Nach der siegreichen Beendigung des Bürgerkrieges wurde die Kunst in den Dienst des "sozialistischen Aufbaus" gestellt. Als Beispiel dafür ein Plakat von Nikolaj Dolgorukov aus dem Jahre 1931: "Schaffen wir eine mächtige Basis der Industrialisierung im Osten!" (Abb. 12) Der Gesamteindruck ist durch das grafische Zusammenwirken verschiedener Elemente bestimmt: Fotos in Schwarz-Weiß und Farbe, teilweise freigestellt, schwarze und rote Zeichnungen, die Luftskizze eines Industriekomplexes, eine Landkarte. Die Motive Hochöfen, Schornsteine und Kräne werden variiert. Es gibt zwei Standrichtungen, die eine senkrecht, die andere um etwa 45 Grad nach links gekippt. Das Plakat zeigt Aspekte und Assoziationen zum Thema "industrieller Aufbau", und in der Form der Montage ist dies adäquat umgesetzt.

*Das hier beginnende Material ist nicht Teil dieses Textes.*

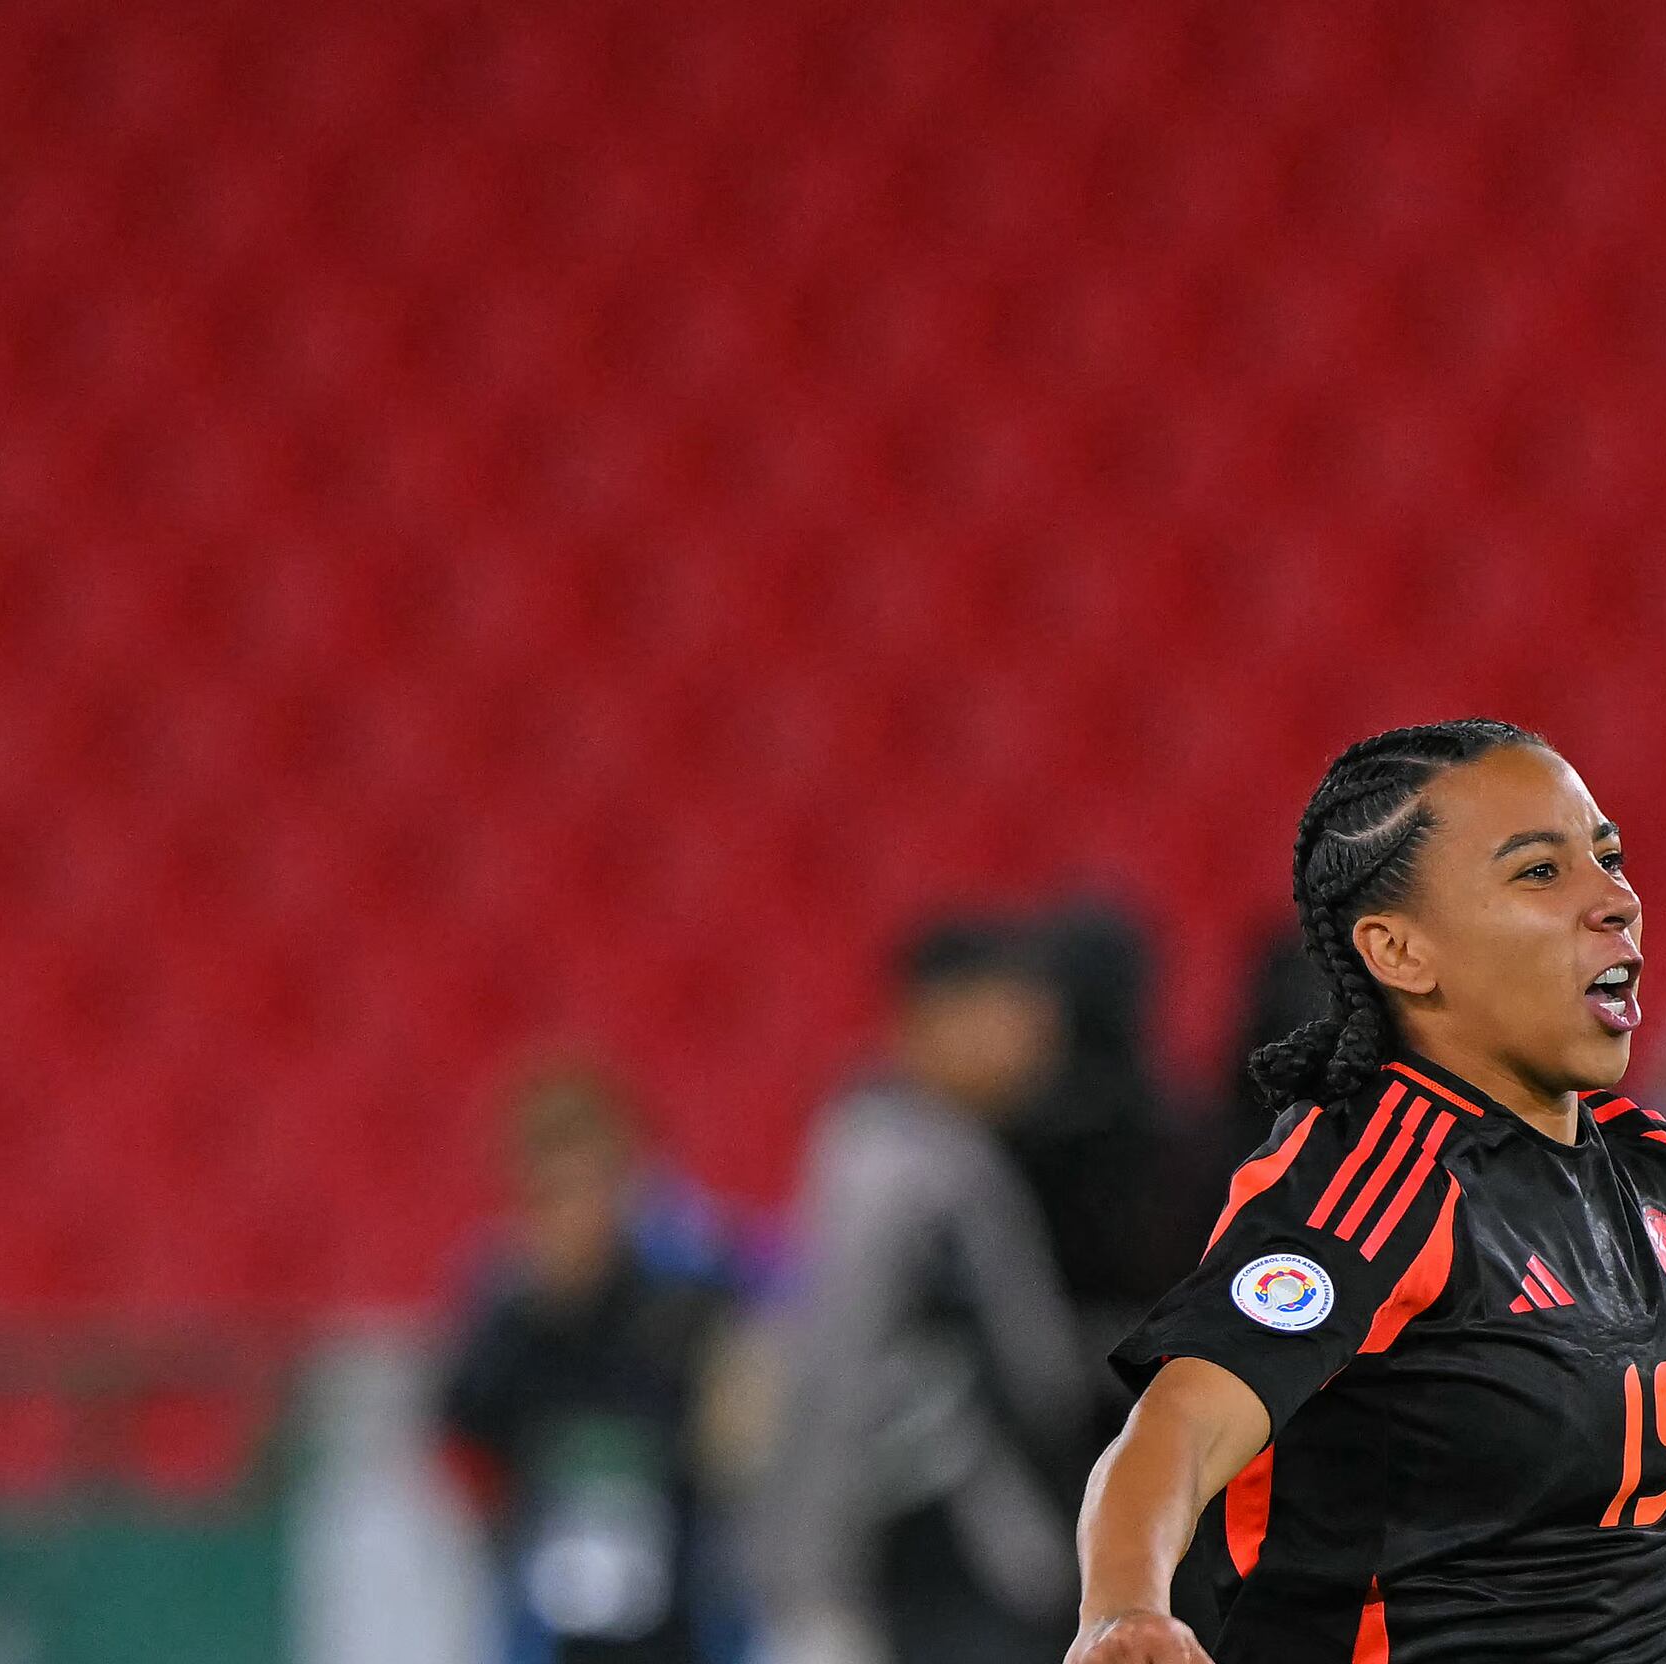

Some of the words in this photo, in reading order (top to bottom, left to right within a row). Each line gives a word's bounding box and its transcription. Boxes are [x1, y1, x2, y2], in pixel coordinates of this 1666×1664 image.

[1242, 1257, 1280, 1278] CONMEBOL
[1280, 1256, 1301, 1264] COPA
[1238, 1298, 1269, 1322] ECUADOR

Schon in den Zwanzigerjahren entstand der neue Stil des sozialistischen Realismus. Er sollte das Heroische und Vorbildhafte des "sozialistischen Aufbaus" zeigen. Positive Helden, Parteilichkeit, Volkstümlichkeit und Massenverbundenheit lauteten seine Schlagworte. 1934 wurde er zur verbindlichen Doktrin für Kunst und Literatur und blieb es bis zum Tode Stalins. Das bedeutete die Abkehr von den nun als formalistisch kritisierten innovativen Darstellungsformen. Diese Entwicklung demonstriert, wie sich in einem zentralistischen Regime nicht nur die Inhalte der Plakatwerbung, sondern auch die gestalterischen Mittel im Wandel offizieller Kunstanschauungen verändern.
Kommerzielle Plakate
Plakate aus dem Bereich der kommerziellen Werbung und der Kultur und Unterhaltung können, wie schon gesagt, Aufschlüsse zur Alltags- und Mentalitätsgeschichte geben. Als Beispiel dafür zwei Werbeplakate aus dem Kaiserreich. Beide werben für Fahrräder der Firma Opel, und beide tun das mit der Darstellung junger Damen. Auf dem Plakat von 1891 (Abb. 14) trägt die junge Frau ein langes Kleid, eine geschnürte Taille, Handschuhe und einen Hut. Sie ist also genau so gekleidet wie als Spaziergängerin; obgleich es sich mit dem langen Kleid gewiss nicht gut radeln lässt, entspricht sie den herkömmlichen Anstandsregeln.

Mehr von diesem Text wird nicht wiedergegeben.